Barry Forshaw’s pick of the latest DVDs


Francis Coppola, director/Optimum

Looking better than ever in this revelatory Blu-ray transfer, the finest encapsulation of the experience of the Vietnam War -- Coppola’s adaptation of Joseph Conrad’s Heart of Darkness -- has been painstakingly restored by his own Zoetrope studios under his close supervision, and is an essential purchase for all lovers of modern cinema. This release ties into cinema re-showings of the film.

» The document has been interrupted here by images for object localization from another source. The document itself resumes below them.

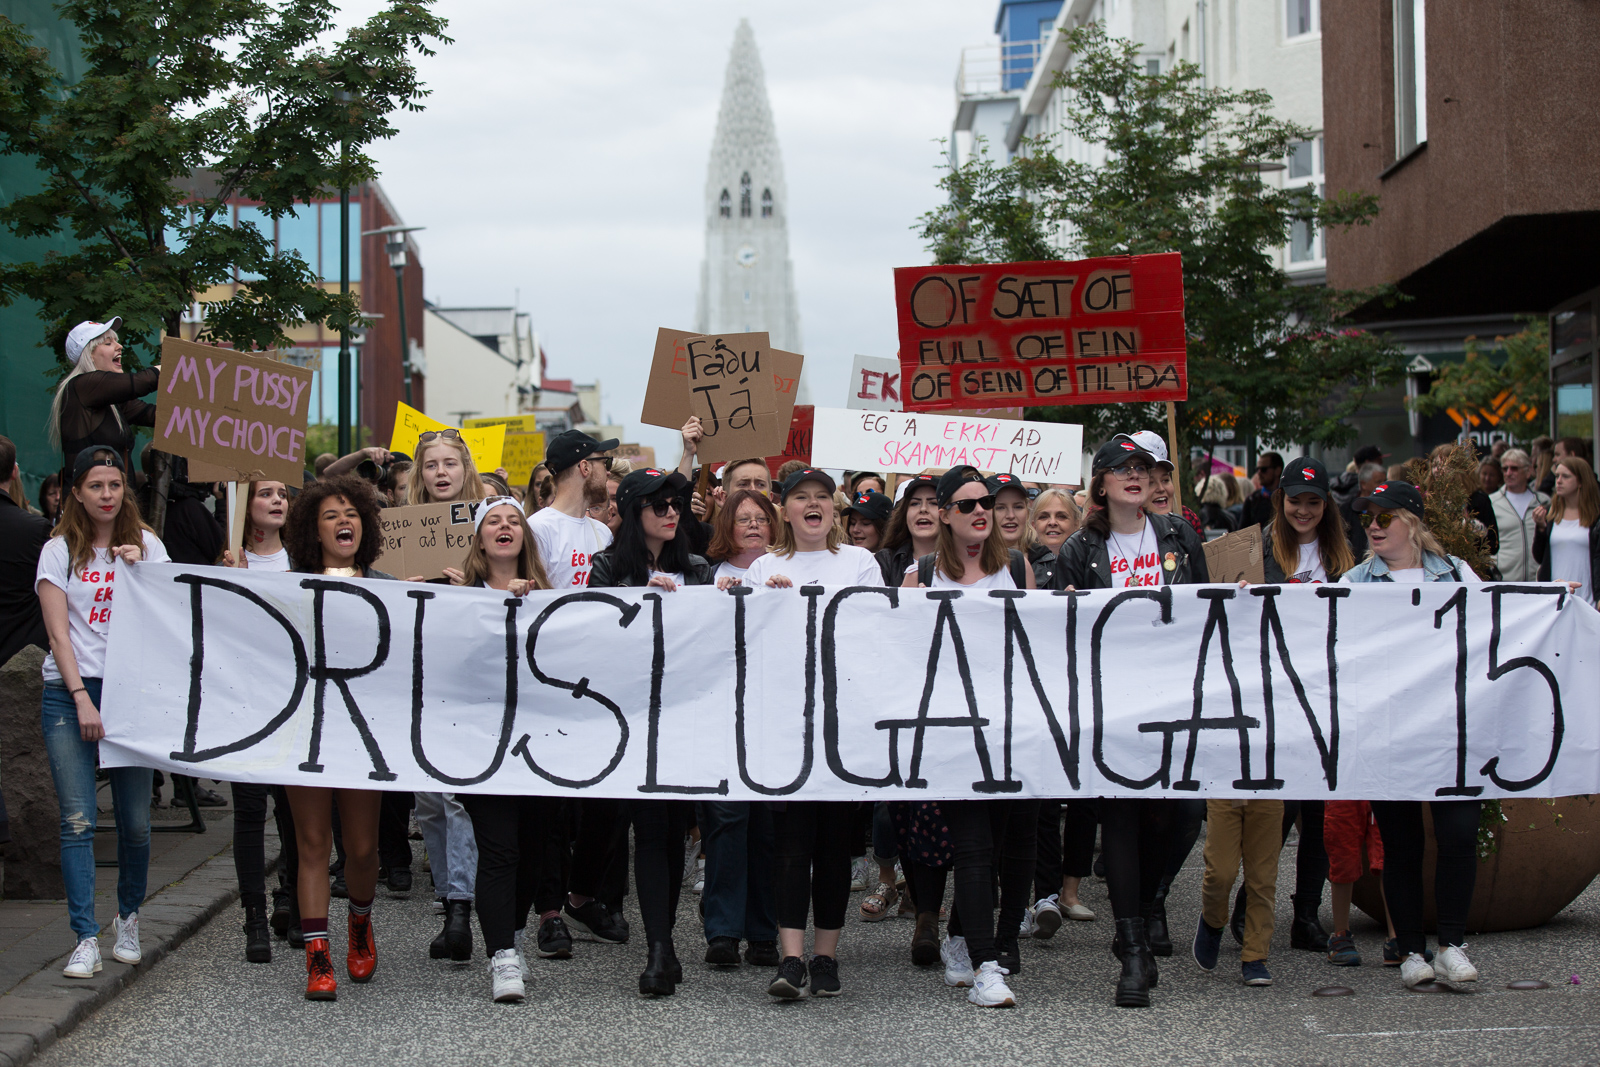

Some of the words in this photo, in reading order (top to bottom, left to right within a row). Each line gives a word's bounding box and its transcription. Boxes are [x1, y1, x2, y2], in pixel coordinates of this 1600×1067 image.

[910, 275, 981, 329] OF
[993, 277, 1075, 320] SÆT
[1085, 274, 1134, 311] OF
[919, 340, 1000, 366] FULL
[1016, 335, 1065, 360] OF
[1078, 331, 1139, 358] EIN
[167, 355, 228, 404] MY
[233, 365, 308, 417] PUSSY
[911, 372, 951, 401] OF
[963, 370, 1023, 395] SEIN
[1034, 367, 1069, 393] OF
[692, 376, 756, 437] Já
[164, 405, 212, 449] MY
[212, 415, 305, 463] CHOICE
[1010, 428, 1042, 448] AÐ
[879, 440, 1008, 470] SKAMMAST
[1009, 451, 1063, 477] MÍN!
[382, 519, 412, 531] etta
[421, 516, 442, 527] var
[82, 566, 100, 583] ÉG
[571, 549, 585, 567] ÉG
[1110, 556, 1129, 573] ÉG
[169, 573, 1351, 796] DRUSLUGANGAN
[1411, 584, 1565, 797] '15

Dario Argento, director/Arrow

Another Blu-ray Dario Argento revelation. With Tenebrae (1982), the director’s enthusiasts can savour, at their leisure, all the brilliant visual imagination of this Italian master of the horror film – nobody else in the field (not even Brian De Palma at his best) could (at that time) wield a camera with such elegance. Here, a contrived plot and perfunctory characters are effortlessly transcended by sequences such as the astonishing camera ‘prowl’ around the house of two murder victims. To the accompaniment of a pounding score by members of Argento’s usual collaborators, Goblin, the director forsakes the supernaturalism of Suspiria and Inferno for a Hitchcockian plot involving a writer (Anthony Franciosa) plagued by a black-gloved murderer. Mention of Hitchcock is very relevant, as his ghost broods over the film (look at the sequence where Franciosa’s agent John Saxon waits in a shopping precinct before a murderous knife assault: the steady accumulation of menace through innocuous sights and sounds – shoppers, children – is as brilliantly handled as Tippi Hedren’s wait by the school-house in The Birds).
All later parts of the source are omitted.